### ASSIGNED TASK
Write the data out again exactly, with no pictures.

### RECORD SET
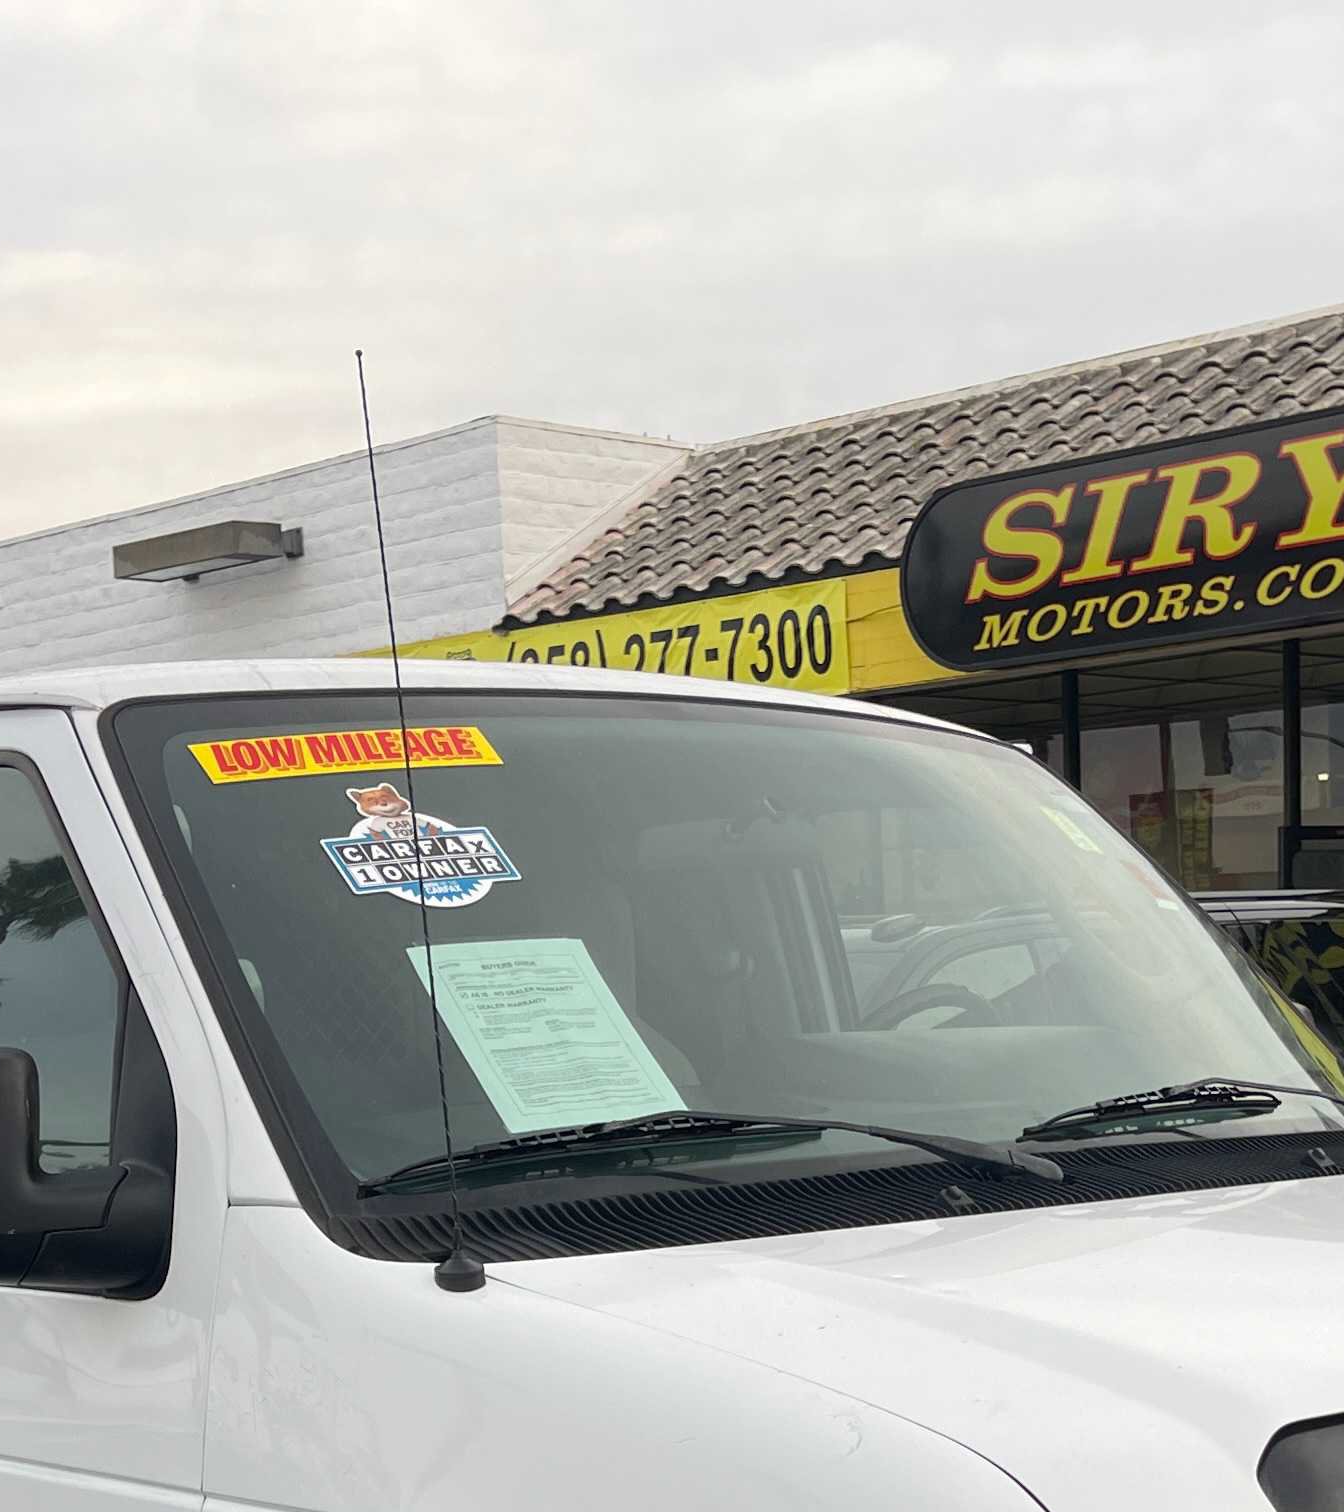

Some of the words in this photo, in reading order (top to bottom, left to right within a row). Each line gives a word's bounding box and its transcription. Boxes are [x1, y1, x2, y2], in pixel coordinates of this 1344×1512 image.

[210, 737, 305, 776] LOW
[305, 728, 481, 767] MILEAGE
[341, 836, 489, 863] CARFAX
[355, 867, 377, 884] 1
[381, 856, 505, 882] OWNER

### COMPLETED EXERCISE
Some of the words in this photo, in reading order (top to bottom, left to right within a row). Each line gives a word's bounding box and its transcription. Boxes are [x1, y1, x2, y2], in pixel coordinates of this 1344×1512 image.

[210, 737, 305, 776] LOW
[305, 728, 481, 767] MILEAGE
[341, 836, 489, 863] CARFAX
[355, 867, 377, 884] 1
[381, 856, 505, 882] OWNER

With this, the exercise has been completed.